Comparative Anatomy.—In the Amphioxus the coelom is developed in the embryo as a series of bilateral pouches, called enterocoeles, from the sides of the alimentary canal; these are therefore entodermal in their origin, as in Sagitta and the Echinodermata among the invertebrates. In the adult the development of the atrium causes a considerable reduction of the coelom, represented by two dorsal coelomic canals communicating with a ventral canal by means of branchial canals which run down the outer side of the primary gill bars. Into the dorsal canals the nephridia open. In the intestinal region the coelom is only present on the left side.
In the higher vertebrates (Craniata) the coelom is developed by a splitting of the mesoderm into two layers, and a pericardium is constricted off from the general cavity. In all cases the ova burst into the coelom before making their way to the exterior, and in some cases, e.g. amphioxus, lamprey (Cyclostomata), eels and mud-fish (Dipnoi), the sperm cells do so too. The Cyclostomata have a pair of genital pores which lead from the coelom into the urino-genital sinus, and so to the exterior.

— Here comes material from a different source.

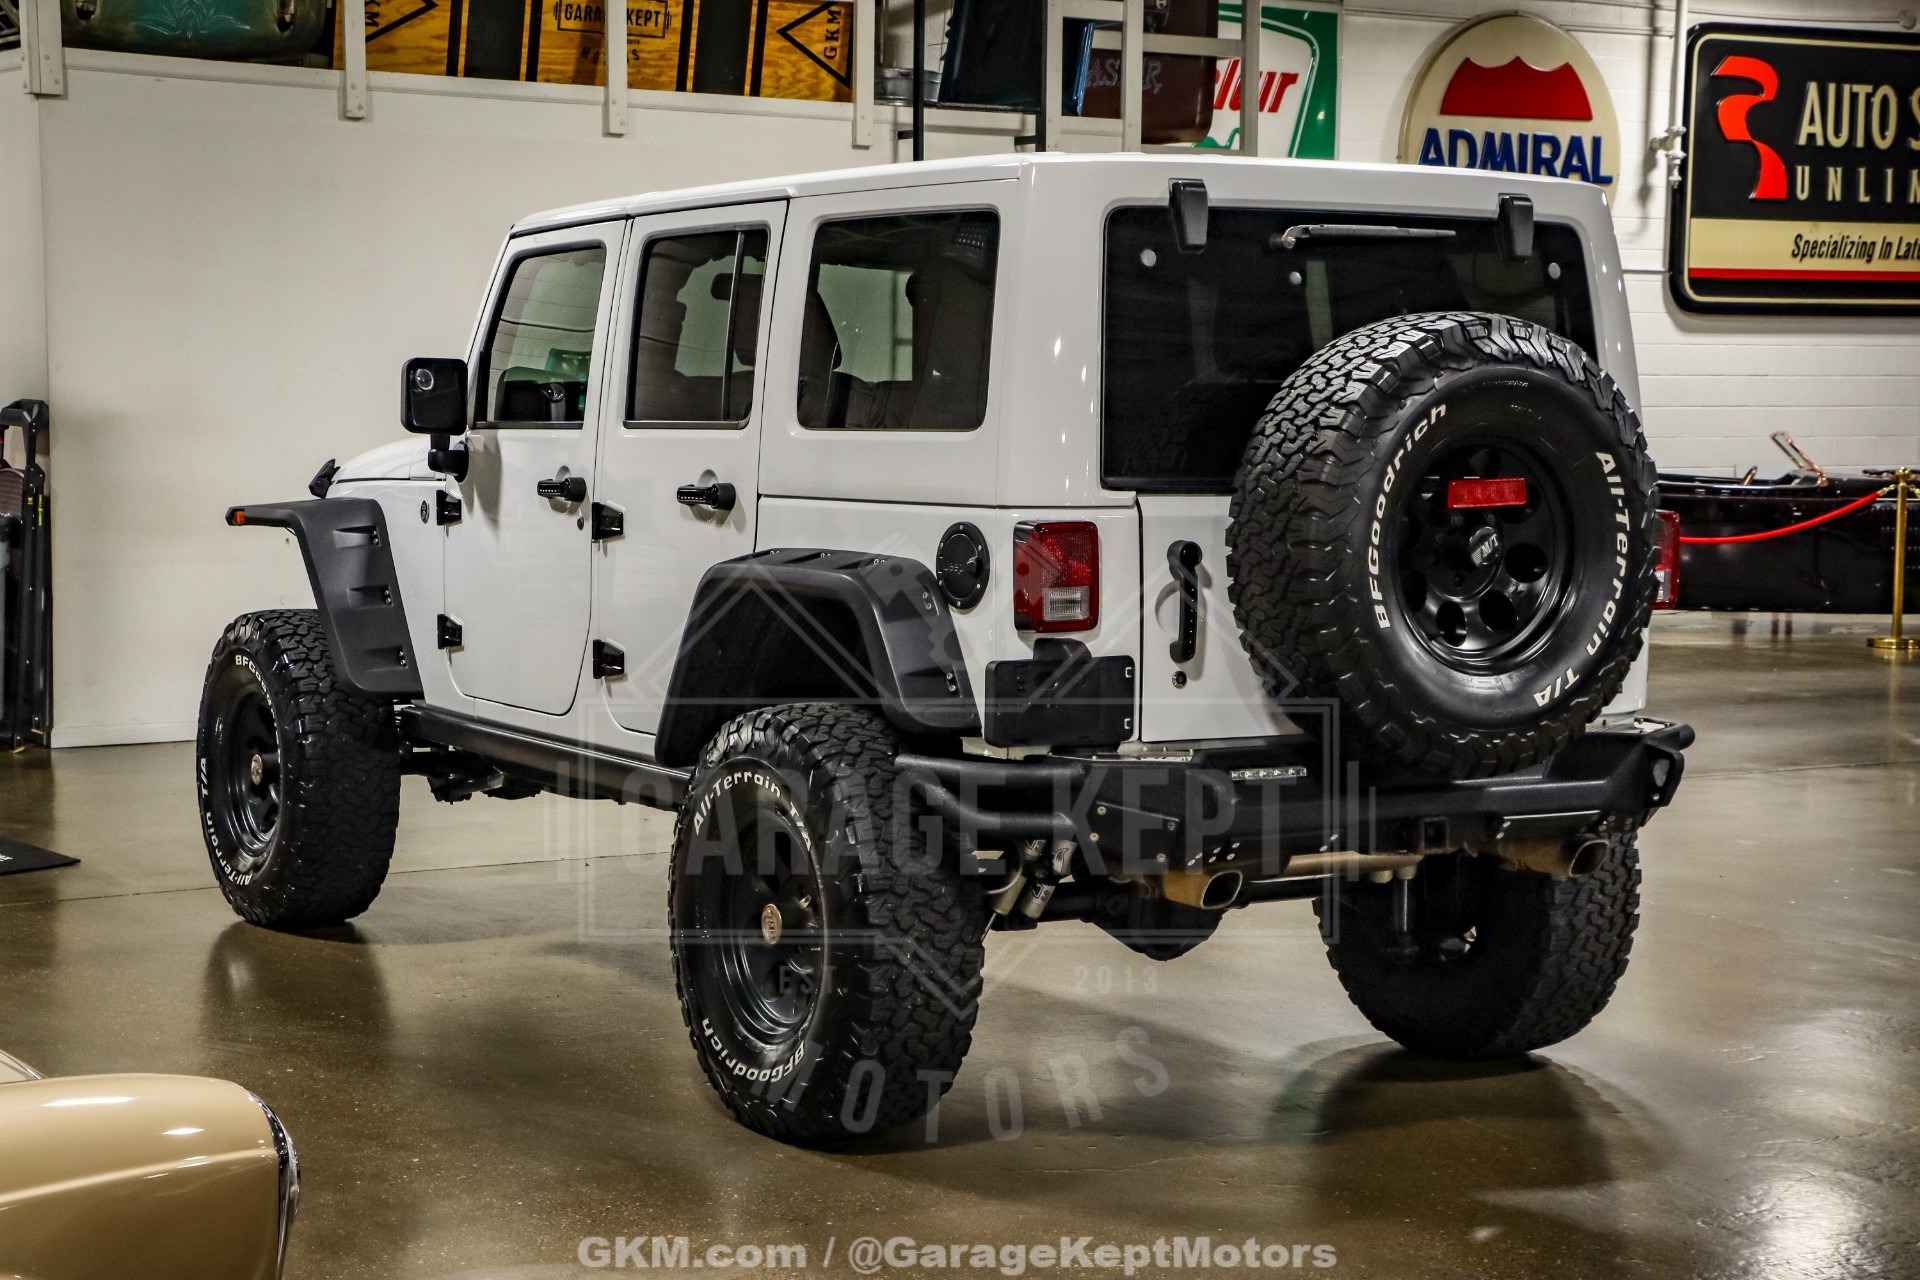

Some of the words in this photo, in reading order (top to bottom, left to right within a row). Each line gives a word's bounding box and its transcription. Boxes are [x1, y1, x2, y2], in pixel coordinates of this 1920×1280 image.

In the Elasmobranch fish there is a pericardio-peritoneal canal forming a communication between these two parts of the coelom; also a large common opening for the two oviducts in the region of the liver, and two openings, called abdominal pores, on to the surface close to the cloacal aperture. In the Teleostomi (Teleostean and Ganoid fish) abdominal pores are rare, but in most Teleostei (bony fish) the ova pass directly down oviducts, as they do in Arthropods, without entering the peritoneal cavity; there is little doubt, however, that these oviducts are originally coelomic in origin. In the Dipnoi (mud-fish) abdominal pores are found, and probably serve as a passage for the sperm cells, since there are no vasa deferentia. In fishes a complete dorsal mesentery is seldom found in the adult; in many cases it only remains as a tube surrounding the vessels passing to the alimentary canal.

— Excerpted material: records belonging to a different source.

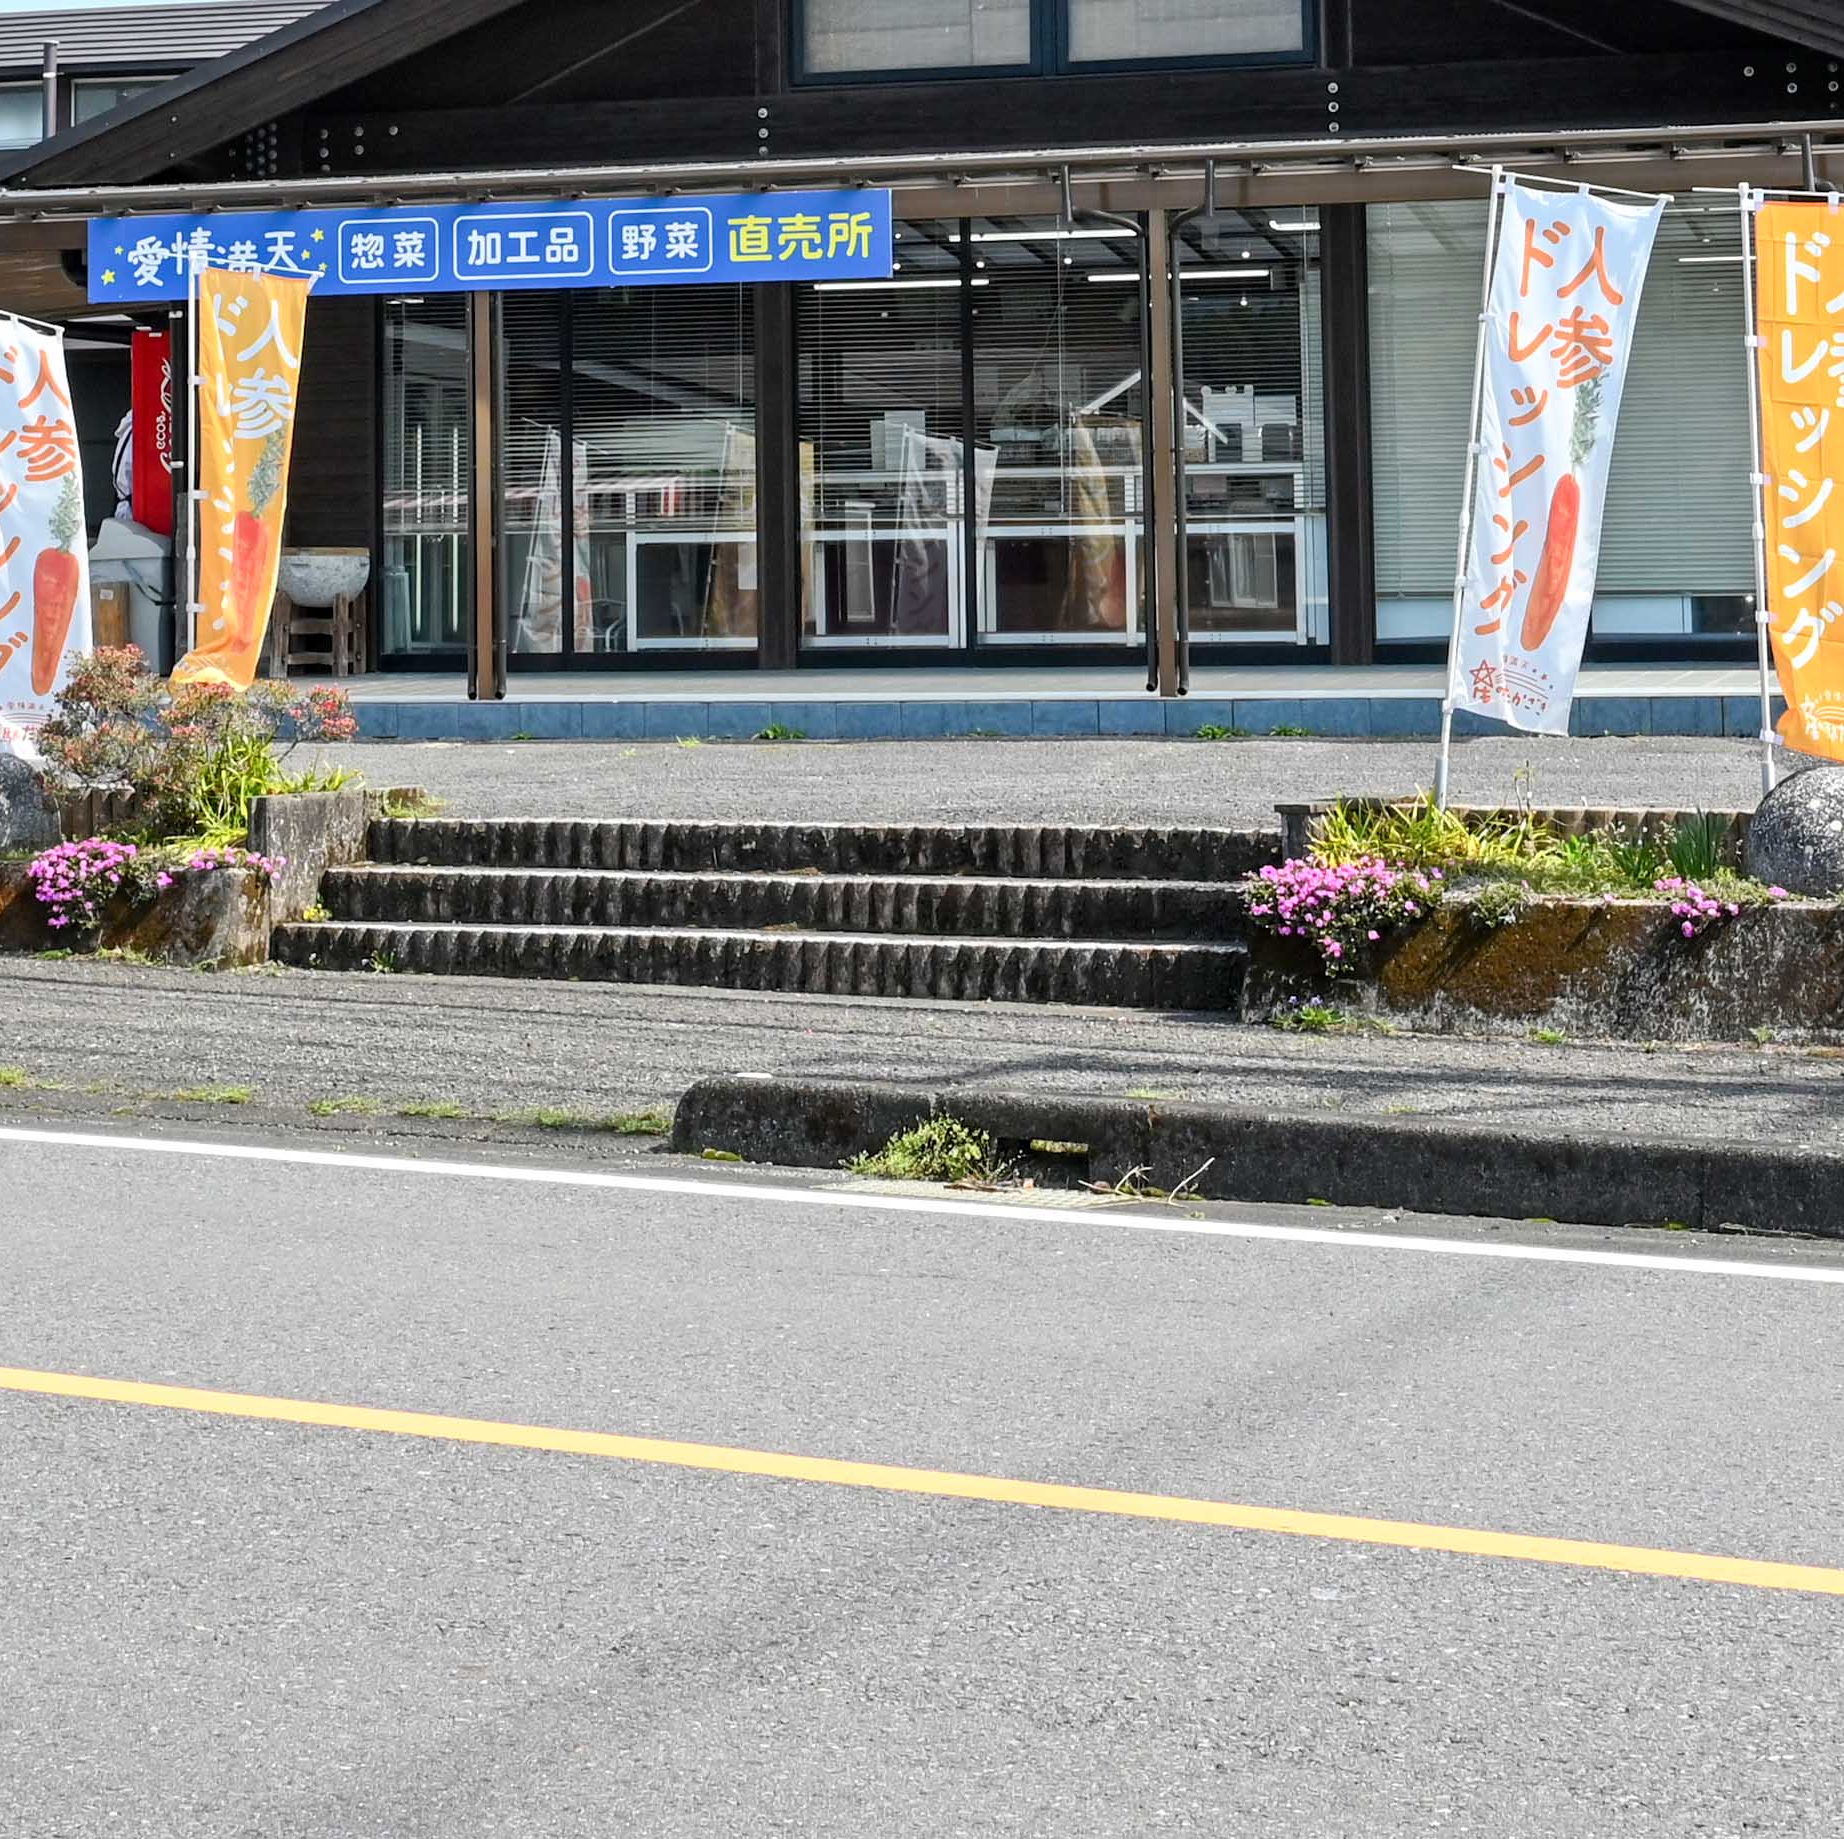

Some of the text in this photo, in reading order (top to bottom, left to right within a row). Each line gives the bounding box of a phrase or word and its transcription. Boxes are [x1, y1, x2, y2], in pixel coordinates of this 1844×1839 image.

[127, 212, 874, 288] 愛情満天 惣菜 加工品 野菜 直売所
[1550, 225, 1625, 389] 人参
[16, 348, 77, 482] 人参
[229, 298, 299, 441] 人参
[1474, 218, 1571, 637] ドレッシング
[1778, 232, 1844, 670] ドレッシング

In the Amphibia, Reptilia and Aves, one cavity acts as pleura and peritoneum, though in the latter the lungs are not completely surrounded by a serous membrane. In many lizards the comparatively straight intestine, with its continuous dorsal mesentery and ventral mesentery in the anterior part of the abdomen, is very like a stage in the development of the human and other mammalian embryos. In the mammalia the diaphragm is complete (see Diaphragm) and divides the pleuro-peritoneal cavity into its two constituent parts. In the lower mammals the derivatives of the original dorsal mesentery do not undergo as much fusion and obliteration as they do in adult man; the ascending and descending mesocolon is retained, and the transverse mesocolon contracts no adhesion to the great omentum. It is a common thing, however, to find a fenestrated arrangement of the great omentum which shows that its layers have been completely obliterated in many places.
In those animals, such as the rabbit, in which the tests are sometimes in the scrotum and sometimes in the abdomen, the communication between the peritoneum and the tunica vaginalis remains throughout life.
For further details and literature up to 1902, see R. Wiedersheim’s Vergleichende Anatomie der Wirbeltiere (Jena, 1902). (F. G. P.)
- ↑ Some authorities hold that this alteration is not brought about by fusion, but by a dragging away of the posterior layer of the great omentum from the dorsal wall of the abdomen.